Kanaya awalnya tidak mau buka suara, dia tetap kekeuh menjawab Arthur bahwa dia baik-baik saja.
Tapi setelah menatap kakaknya, sorot mata Kanaya kembali berubah sendu, membuat Arthur tersenyum dan memeluk Kanaya tanpa bicara.
Yang Arthur takutkan, penyebab Kanaya seperti ini adalah karena bertengkar dengan Kavi saat dirinya tadi pergi ke rumah pak RW untuk mendiskusikan penutupan jalan di hari pernikahannya. Arthur awalnya tidak berani bertanya, tapi daripada dia penasaran, akhirnya dia memutuskan mengajak Kanaya bicara.
"Kenapa? Kamu berantem sama Kavi?" tanya Arthur.

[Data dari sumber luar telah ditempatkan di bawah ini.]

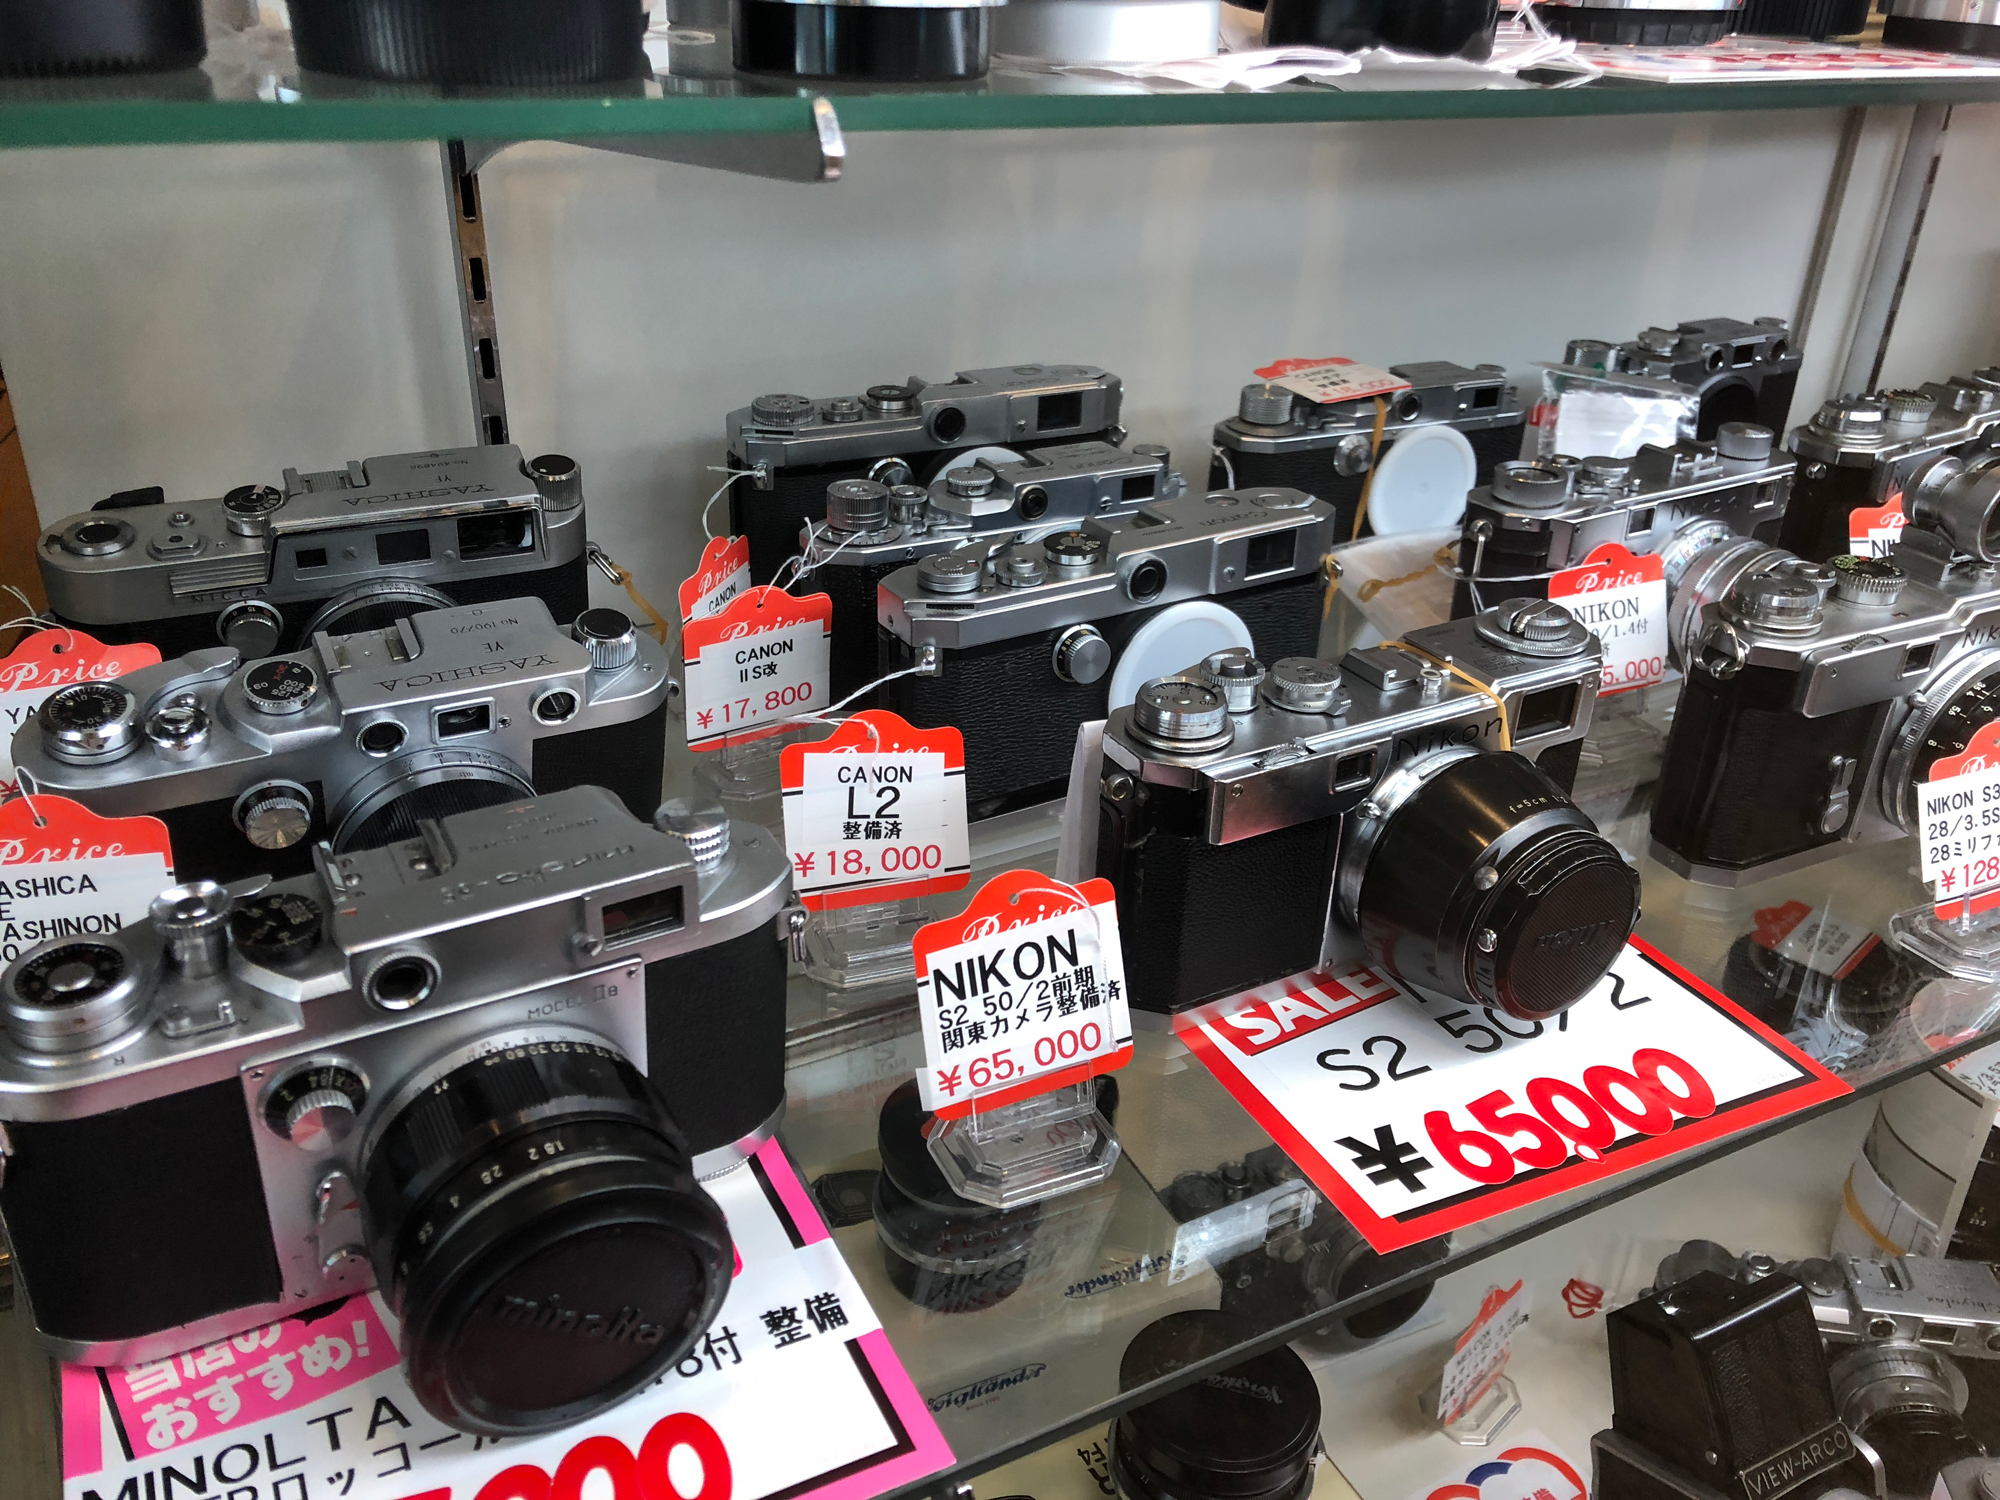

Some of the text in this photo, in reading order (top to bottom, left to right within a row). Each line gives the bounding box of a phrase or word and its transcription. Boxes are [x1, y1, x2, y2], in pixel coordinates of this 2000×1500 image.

Kanaya sekali lagi menarik napas panjang, dia tidak menangis, hanya sedikit sedih karena Arthur sepeduli itu pada Kanaya. Kakaknya selalu jadi orang pertama yang akan tau kalau Kanaya mempunyai masalah, dan dia juga yang akan selalu mengajak Kanaya bercerita, mendiskusikan jalan keluar dengan menawarkan bantuannya.
Semenyebalkan apapun Arthur saat mengusili Kanaya, tetap saja, laki-laki itu sangat baik menjalankan perannya sebagai kakak kandung Kanaya.
"Ngga berantem, tapi, ada sesuatu yang tadi dia omongin waktu ngobrol di depan." ucap Kanaya menunduk sambil melihat kuku-kuku tangannya.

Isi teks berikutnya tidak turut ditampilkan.